The prominent Kremlin critic fell ill during an August 20 flight. His team immediately alleged he had been poisoned but Russian doctors in the Siberian city of Omsk rejected that claim.

Doctors in Germany, where Navalny was flown to on August 22, as well as laboratories in France and Sweden, have however found traces of the Novichok nerve agent.

The Kremlin has steadfastly denied any involvement and cast doubts over the German investigation.
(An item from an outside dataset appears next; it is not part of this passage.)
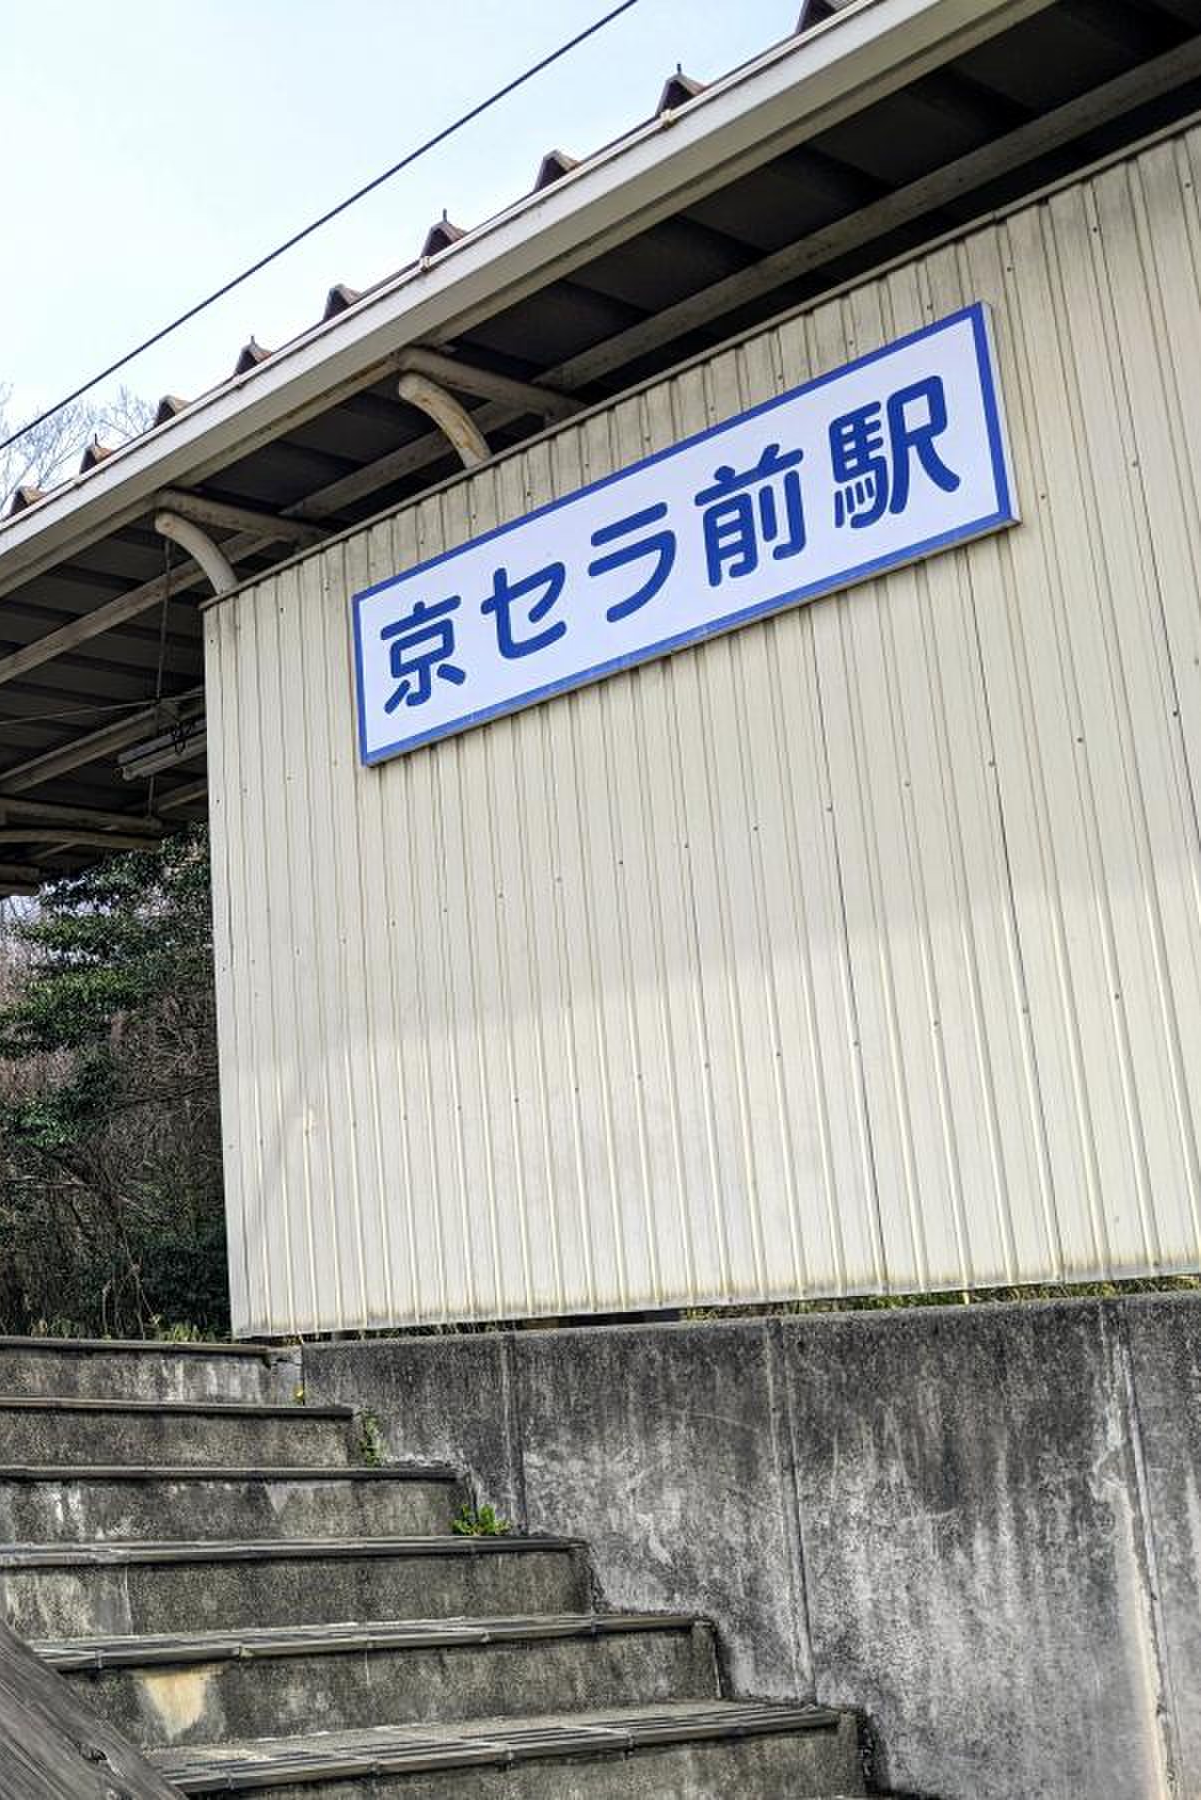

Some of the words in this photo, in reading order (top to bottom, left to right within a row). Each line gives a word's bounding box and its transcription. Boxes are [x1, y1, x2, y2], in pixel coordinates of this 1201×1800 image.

[380, 375, 960, 714] 京セラ前駅
The poisoning took place less than a month before local and regional elections in Russia for which Navalny had been campaigning. His foundation had been calling on voters to back candidates best placed to defeat the ruling United Russia party.

Navalny was successfully taken out of a coma on September 7 and has since been released from the hospital. He has indicated that he will return to Russia.

German Chancellor Angela Merkel, who visited Navalny during his hospital stay, called the poisoning an attempted murder aimed at silencing the Kremlin critic and has demanded Russia cooperate with the investigation.

The Organisation for the Prohibition of Chemical Weapons (OPCW) is meanwhile providing the German-led probe with technical assistance.

Novichok is a Soviet-era military-grade chemical agent banned under the 1997 Chemical Weapons Convention.

It was used in a 2018 attack against former Russian spy Sergei Skripal and his daughter Yulia in Salisbury, UK. Both survived but another woman died after being exposed to the chemical agent near the scene of the attack.